What is required:
Return each entry below exactly. Skip the images.

Provided records:
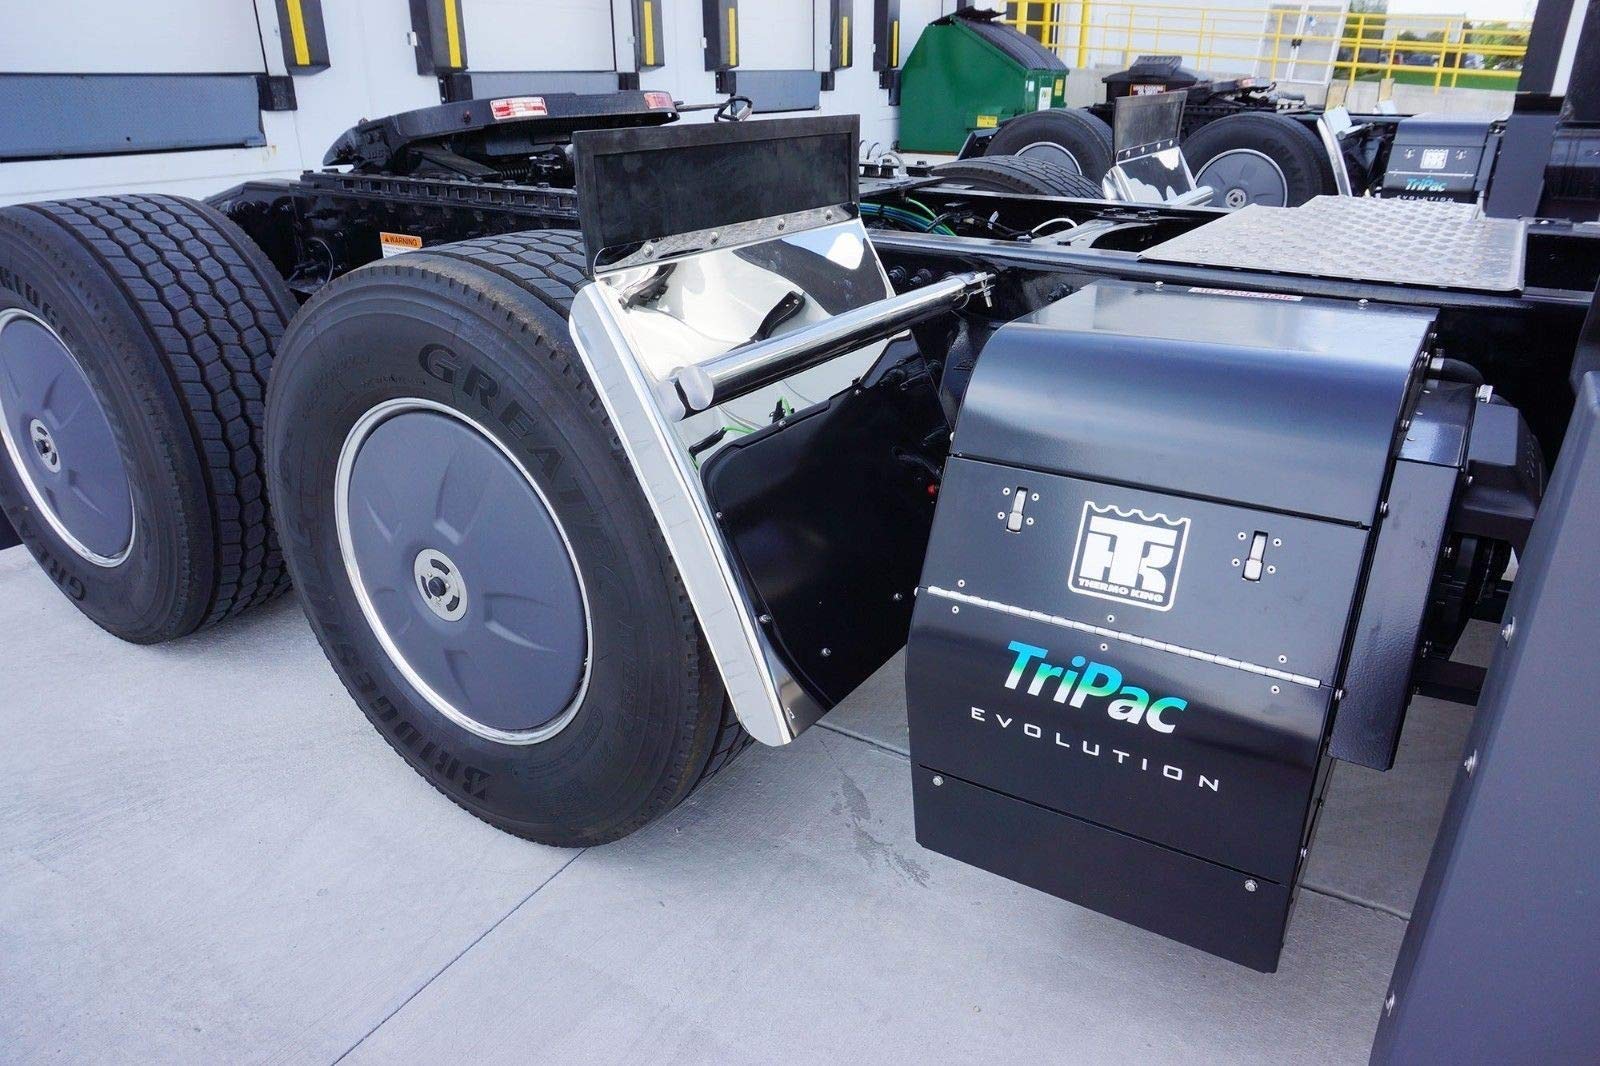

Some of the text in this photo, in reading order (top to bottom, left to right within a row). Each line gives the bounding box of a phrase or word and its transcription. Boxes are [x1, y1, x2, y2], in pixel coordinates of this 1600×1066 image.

[390, 236, 418, 247] WARNING
[1078, 578, 1164, 603] THERMO KING
[1004, 640, 1188, 734] TriPac
[971, 706, 1219, 792] EVOLUTION

Expected answer:
Some of the text in this photo, in reading order (top to bottom, left to right within a row). Each line gives the bounding box of a phrase or word and its transcription. Boxes are [x1, y1, x2, y2], in pixel coordinates of this 1600×1066 image.

[390, 236, 418, 247] WARNING
[1078, 578, 1164, 603] THERMO KING
[1004, 640, 1188, 734] TriPac
[971, 706, 1219, 792] EVOLUTION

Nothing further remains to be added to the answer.